Study of the structural, electric and dielectric proprieties of Bi1-xNdxMn2O5 (x=0, x=0.1 and x=0.2)

Abstract

Bi1-xNdxMn2O5 with (x = 0, 0.1 and 0.2) samples prepared by sol gel method, have been investigated for its structural and dielectrics properties. Crystallographic studies using X-ray diffraction and Rietveld Refinement techniques showed the formation of single-phase samples for all compositions, crystallizing in a mullite-type orthorhombic perovskite structure, space group Pbam (Z = 4). The SEM techniques confirmed the formation of single-phase materials with excellent mapping distribution. Scanning electron microscopy (SEM) revealed that the grains are irregularly spherical-like shaped confirmed the formation of single-phase materials with excellent mapping distribution, with mean sizes of 107, 103 and 92 for (x = 0, 0.1 and 0.2) respectively.
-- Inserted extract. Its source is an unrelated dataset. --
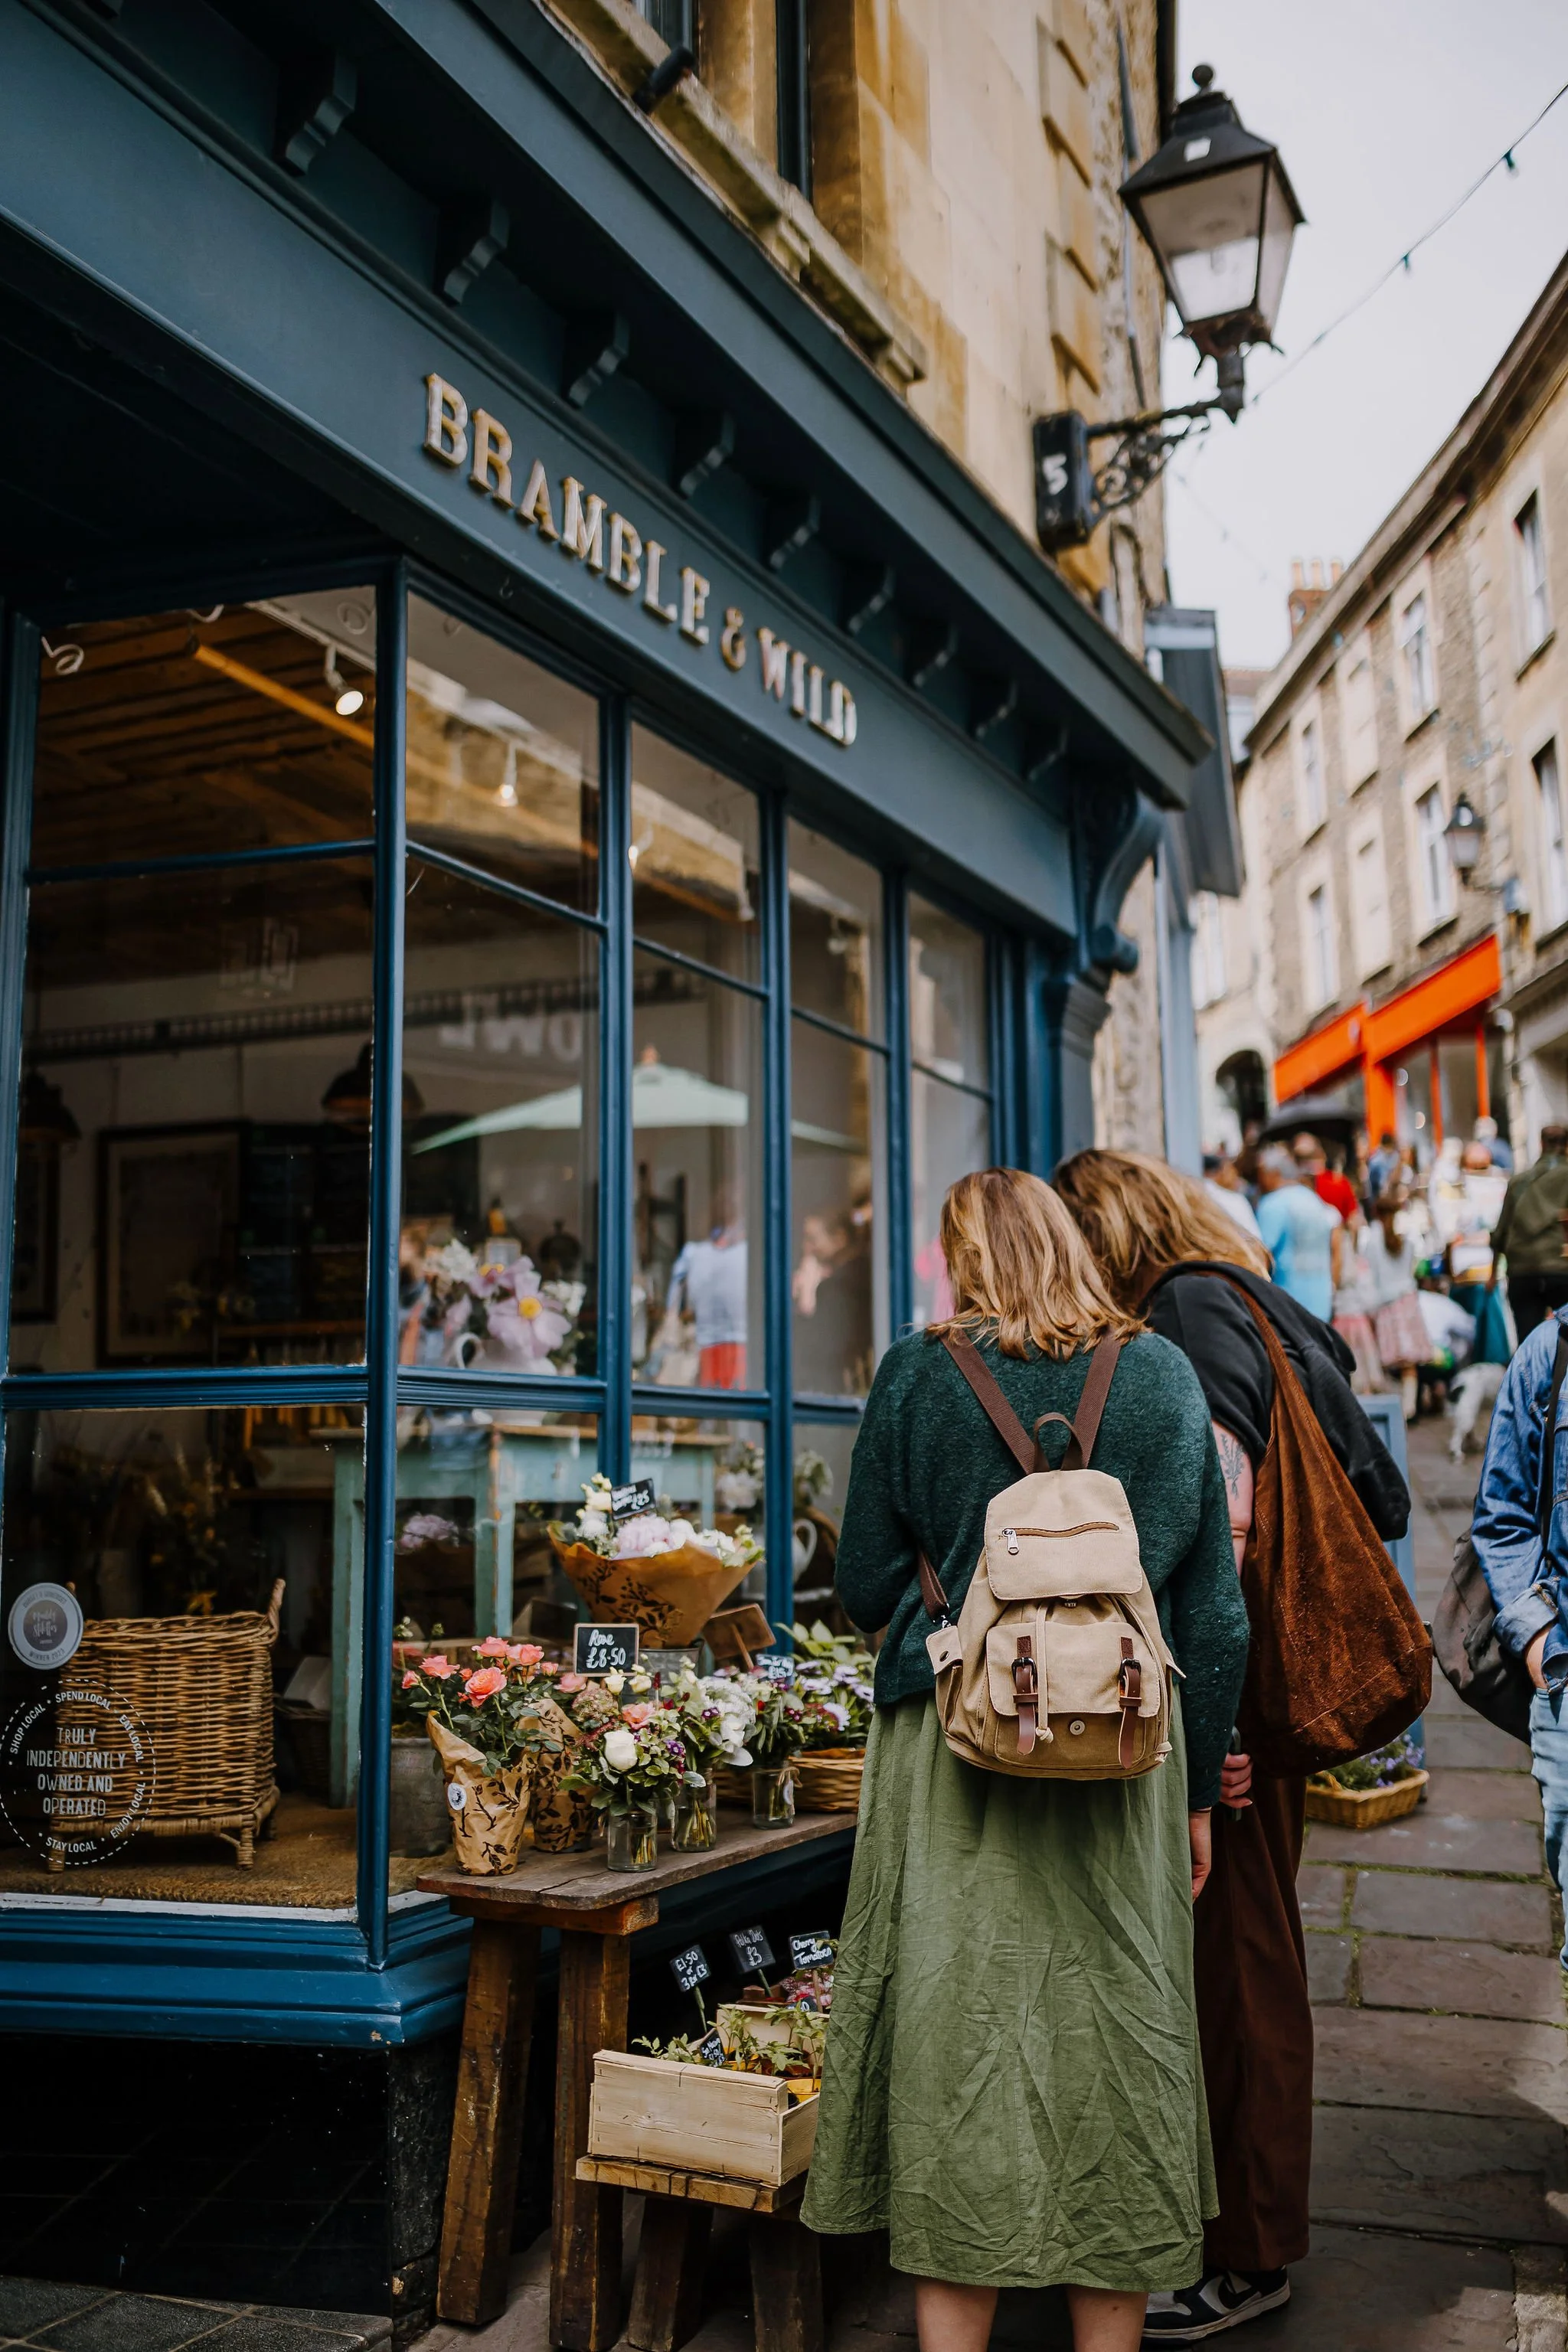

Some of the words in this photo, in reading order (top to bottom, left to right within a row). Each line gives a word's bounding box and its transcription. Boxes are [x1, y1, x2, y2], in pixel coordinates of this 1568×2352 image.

The Dc conductivity expresses a semi-conductor dependence on temperature for the three samples all over the explored range of temperature. In addition to that, the substitution of Bi by Nd enhances the conductivity. The evolution of Dc conductivity versus temperature obeys to Mott and Davis law, which proves that the thermally activated small polaron hopping is the appropriate model of conduction at high temperature. Then it switches to variable range hopping at low temperature for BiMn2O5 and Bi0.9Nd0.1Mn2O5. The Ac conductivity is governed by the Jonsher law and its analysis shows that the correlated barrier hopping is the appropriate model of conduction for the two doped samples (Bi0.9Nd0.1Mn2O5and Bi0.8Nd0.2Mn2O5) while the overlapping large polaron tunneling is the suitable model for the undoped one. The impedance analysis is in good coherence with the conductivity analysis and emphasizes the undoubtedly contribution of grain boundaries in the transfer properties. Dielectric analysis allows to notice the heavy increase ofε’ with the increase of the mount of Nd. Besides, the evolution ofε’ with temperature suggest a relaxor behavior and is distinguished by the occurrence of peaks attributed to the existence of polar nanoregions.